What goes into a $1 MacDonald’s Big Mac? Well, according to McDonalds’ website, it includes two all-beef patties, special sauce, lettuce, cheese, pickles and onions on a sesame-seed bun. Now, let’s look a little closer and focus on just the cheese. Its main ingredients are milk, cream, water, cheese cultures and cheese enzymes. Looks good. The list doesn’t stop there, though. For creamy, even melting, there is sodium citrate and sodium phosphate in the cheese. For texture and flavor, there’s salt, citric acid, lactic acid, acetic acid, sodium pyrophosphate and natural flavor. For consistent color, there is “color added.” For slice separation, there is soy lecithin; and to prevent spoilage, there is sorbic acid. This is all that goes into one tiny slice of American cheese. But let us put aside how over-processed our food has become. The bigger question is, how can all that work culminate in a burger that cost a mere dollar? Is the system actually so streamlined and efficient or are there a multitude of costs that are deliberately hidden from us?
In 2008, the documentary, Food Inc shocked the public by revealing what goes into their food. It also exposed the laws and regulations that allow for such horrors to happen. While it seems like food policies are drafted with our interests in mind, it is actually the opposite. Many of the policies protect the food industry by deliberately withholding information and creating the illusion of cheap, safe food. Food industries fight almost desperately against any sort of transparency. They fought against calorie information, trans fat, country-of-origin labelling for meats and GMO labelling. Veggie Libel Laws make it against the law to criticize the food industry’s foods. In Colorado, you can actually go to prison for it. The Cheeseburger bills makes it incredibly hard for consumers to sue food producers for enabling obesity. The FDA and the USDA have such a convoluted division of responsibilities yet do not actually have the power to recall food products. The list goes on, but flies under the radar. Consumer Reports released an article focusing on what goes into feeding the meats we eat. Chicken can be fed processed feathers, feces, meat and bone. Downer cows—cows too sick and diseased to be sold for meat—are regularly fed to chicken, fish and other cows. Farmed salmon are fed concentrated fish meal and fish oil. It doesn’t take an expert to say that this sounds ridiculous. Why is nobody stopping this practice? Why do we never hear about this on our regular news outlets?
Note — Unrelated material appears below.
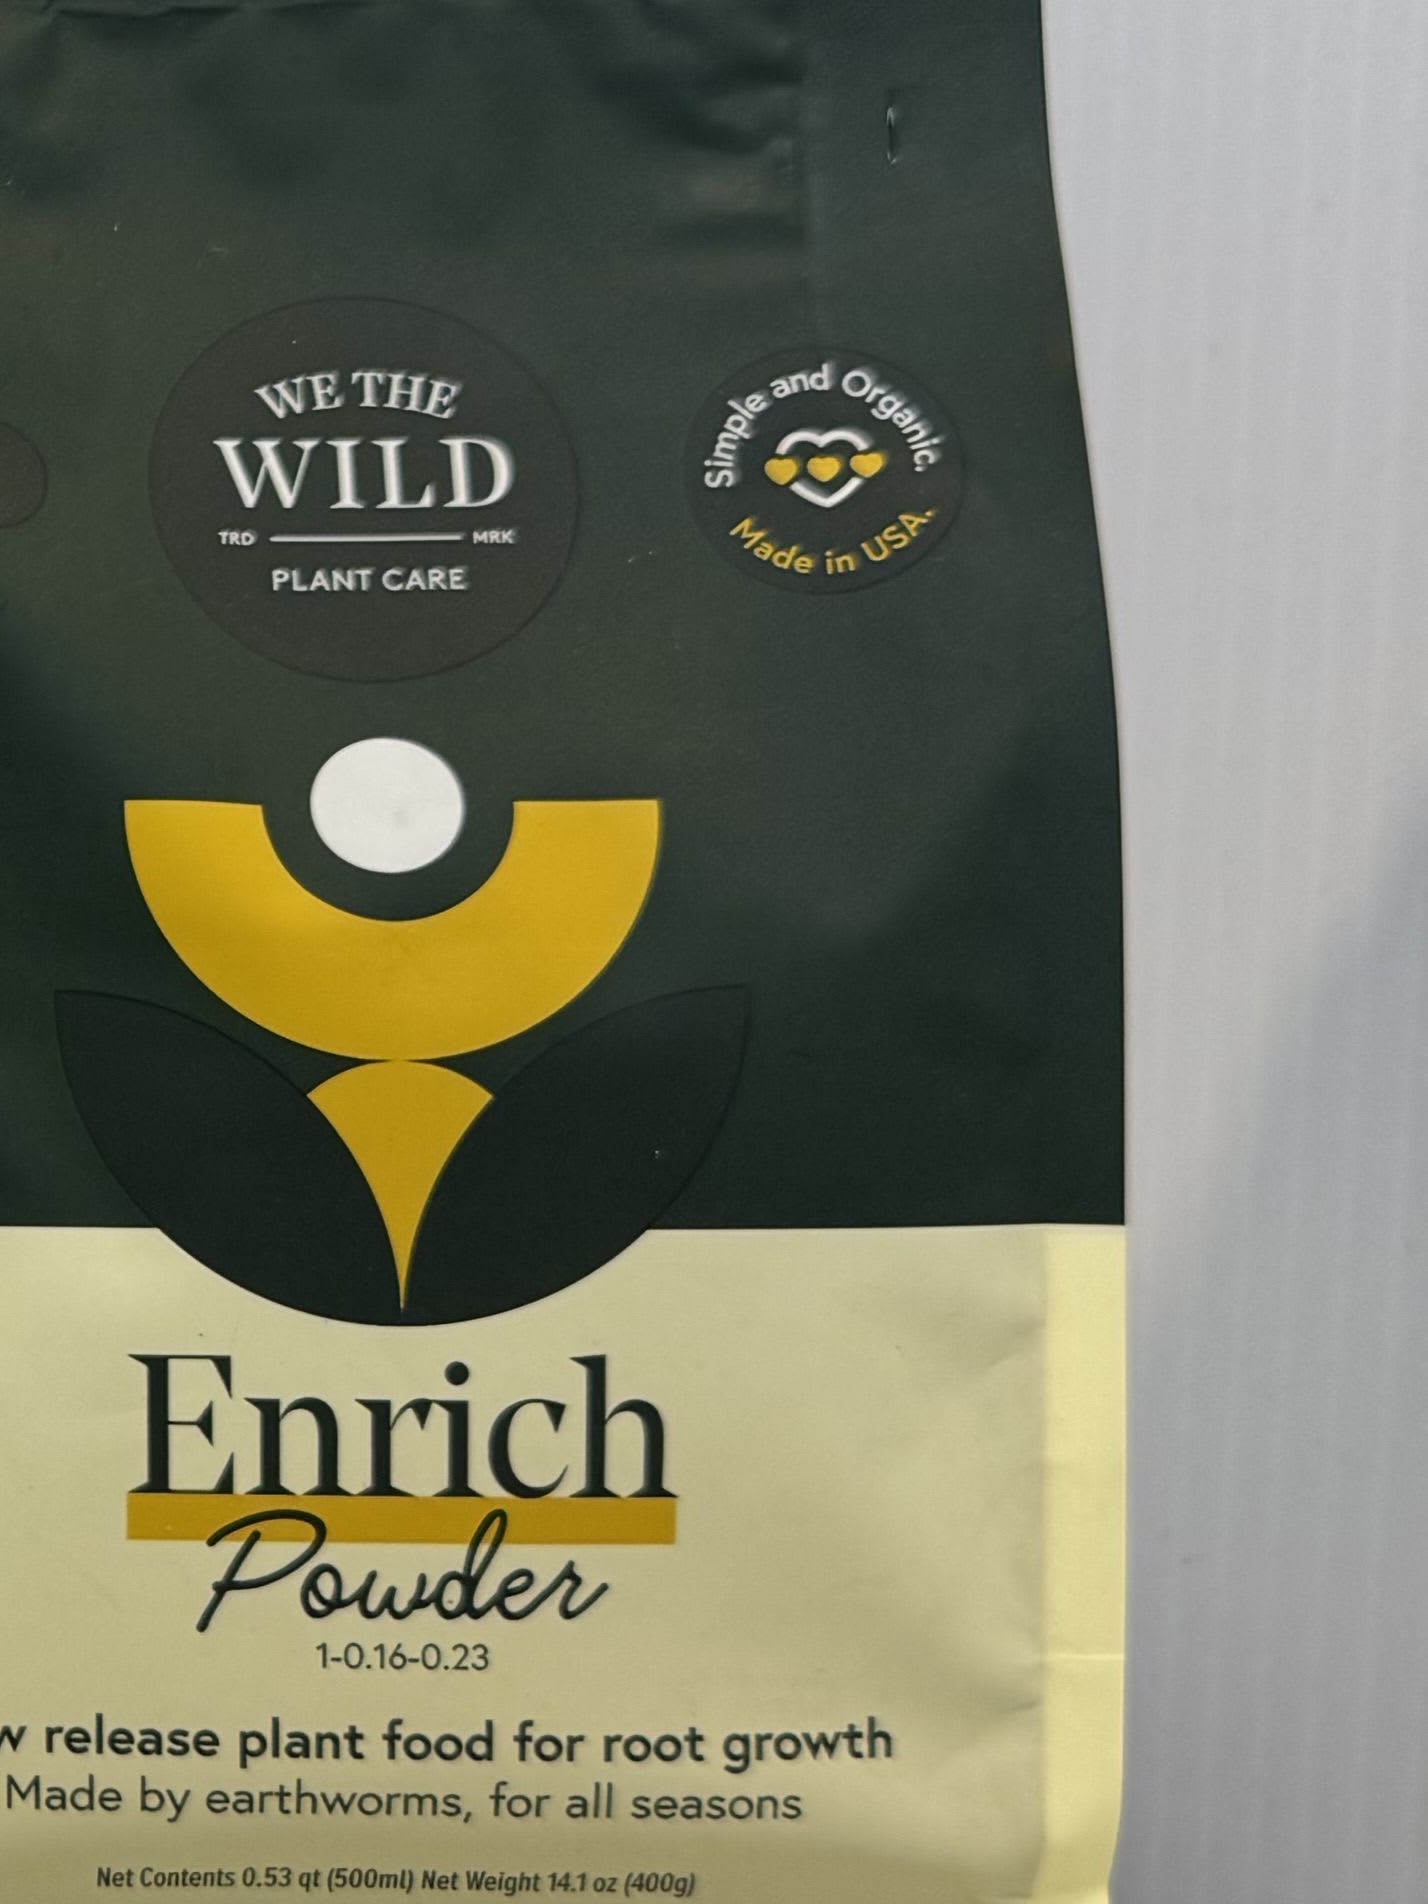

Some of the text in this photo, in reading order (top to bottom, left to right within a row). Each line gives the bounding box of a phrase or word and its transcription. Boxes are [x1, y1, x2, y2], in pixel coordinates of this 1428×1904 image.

All this is enabled by the practice of regulatory capture. Many FDA and USDA officials were former employees of these big food companies that the organization regulates. Monsanto’s former executive, Michael R. Taylor is Commissioner of the FDA. Margaret Miller was a chemical laboratory supervisor at Monsanto but her job in the FDA now involves approving reports like those she wrote. This conflict of interest has resulted in heavy subsidies on the fast food industries that feed the big meat and corn industries. A meal at MacDonald’s isn’t actually cheaper to the consumer than a healthy, home cooked meal. It is heavily subsidized to make it appear so. Policies subsidize the ingredients, the factories and even the workers who put together these cheap burgers. Over half of all fast food workers are enrolled in one or more public assistance programs, getting 7 billion dollars of aid. This enables fast food companies to pay minimum wage, which further subsidizes their costs. As these atrocities pile up, it creates the illusion that unhealthy fast food is cheaper, tastier and, by far, more desirable than healthy food; this creates a conundrum for the poor whose financial strains denies them the power of choice.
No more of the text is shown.